How Depression and Anxiety Relate to Cognitive Decline

As we’ve pointed out, dementia and Alzheimer’s disease are not caused by one thing, but by a combination of different risk factors: Poor diet, lack of exercise, genetics, and limited brain stimulation. Studies are also starting to show that anxiety and depression may also contribute to cognitive decline.

Anxiety affects 3.3 million Americans and depression affects 15 million. Among all those who suffer from these disorders only about one third seek treatment. Suffering from a psychiatric brain disorder adds stress to the brain, which can lead to cognitive decline.

Depression and anxiety raise cortisol levels. Cortisol is known as the “stress hormone." When stress levels in the brain increase the neurotransmitters begin to function improperly. More specifically, serotonin levels decrease. Serotonin is the “feel good” neurotransmitter and cortisol tends to negate it.

It makes sense that if we add more stress to our brains then the brain is going to have a difficult time functioning properly. The same reasoning is applied to heart health, for example. Less stress helps regulate normal blood pressure and better heart rates.

The good news is anxiety and depression can both be managed. The first step to management is acknowledging that you may be suffering from either or both.

Symptoms of Anxiety

  • Restlessness or feeling on edge

  • Irritability

  • Muscle tension

  • Difficulty controlling worry, trembling

  • Poor concentration

Symptoms of Depression

  • Loss of interest

  • Mood swings

  • Uncontrolled sadness

  • Guilt and hopelessness

  • Agitation and excessive crying

  • Change in appetite

It is important to note that there are degrees with which one might be experiencing anxiety and depression. Not only does ignoring symptoms contribute to added stress on the brain they may worsen over time. No matter what levels of the above you may be feelings it’s not a bad idea to talk to health care professional to get a better understanding of what you are experiencing.
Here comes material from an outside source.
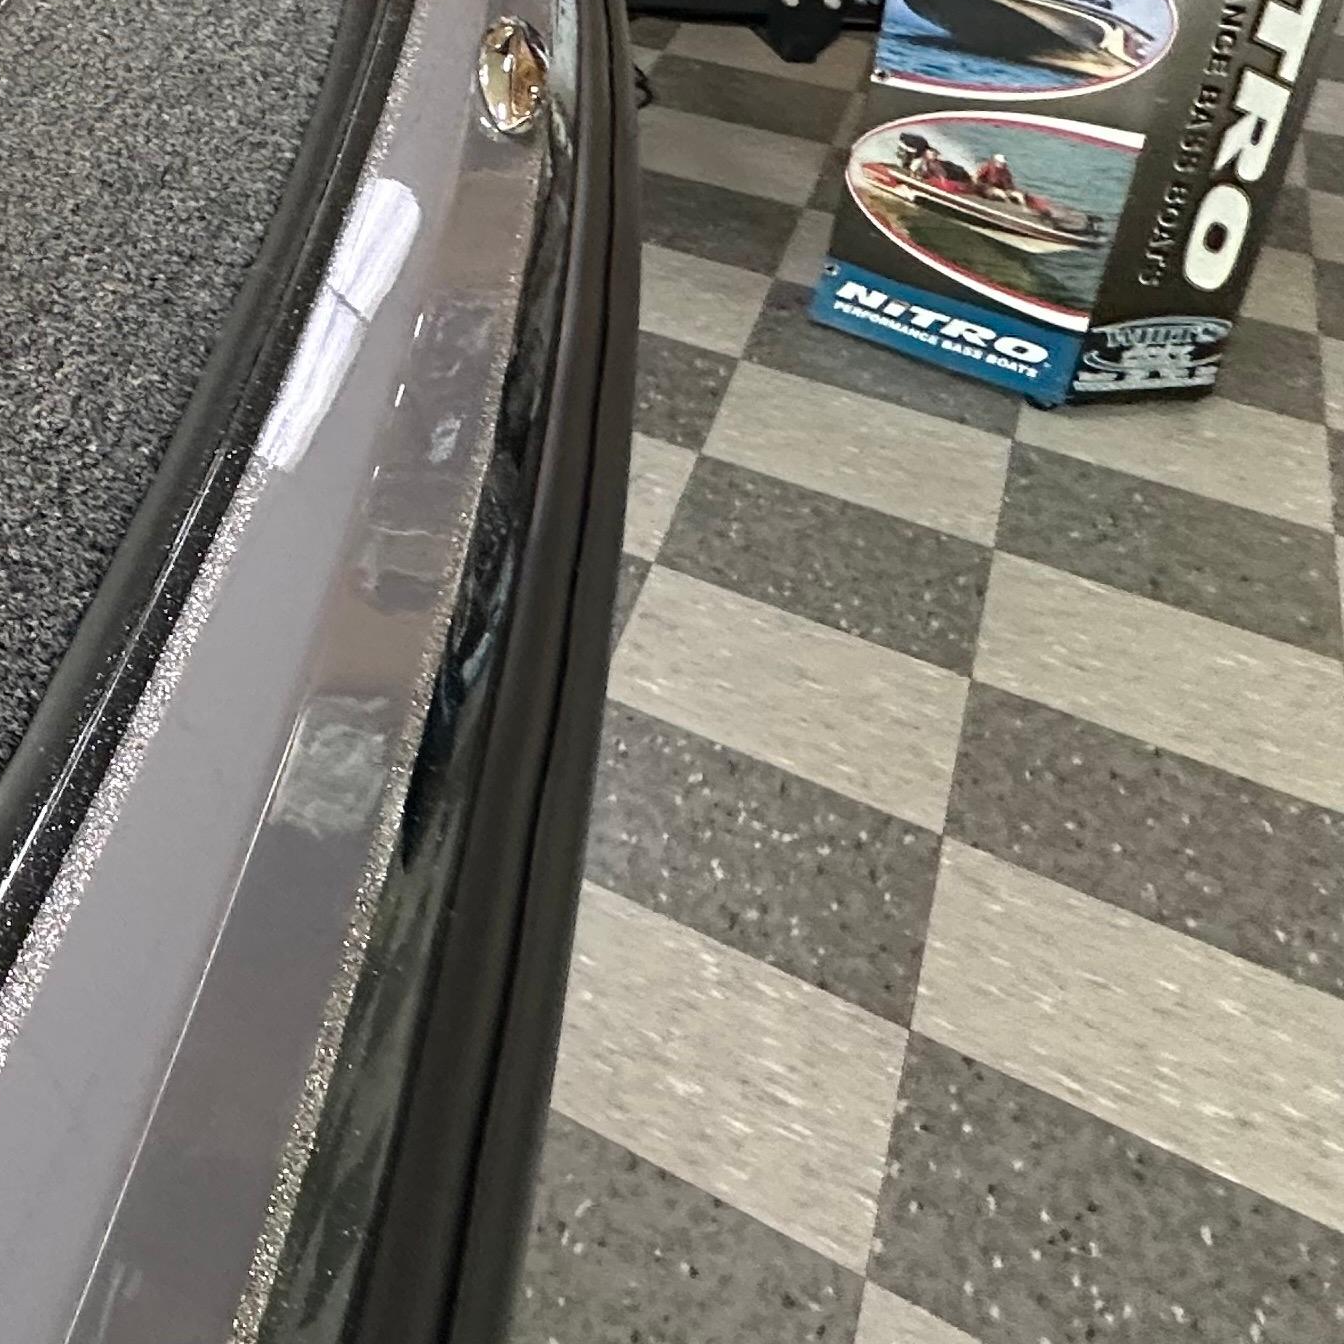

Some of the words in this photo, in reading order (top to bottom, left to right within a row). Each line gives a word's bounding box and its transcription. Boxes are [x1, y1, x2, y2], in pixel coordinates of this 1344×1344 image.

Your best defense, like with many illnesses, is offense. If you feel like you are suffering from any of the above symptoms, no matter how mild, ask for help. Working with a mental health counselor or finding the right medication or a combination of both are straightforward methods of care. Again, a healthy diet, proper exercise and stress reducing activities are also very helpful. They all require diligence, practice and patience. While the care is simply defined hard work is necessary in order to be successful.

Again, there is no one cause that leads directly to dementia and Alzheimer’s. Nor is any one, or a mix of strategies, a surefire way to prevent cognitive decline. But, we do know that taking care of yourself, both physically and mentally, can have a huge impact on reducing your risk. As always, you are not alone. Help is always a phone call away.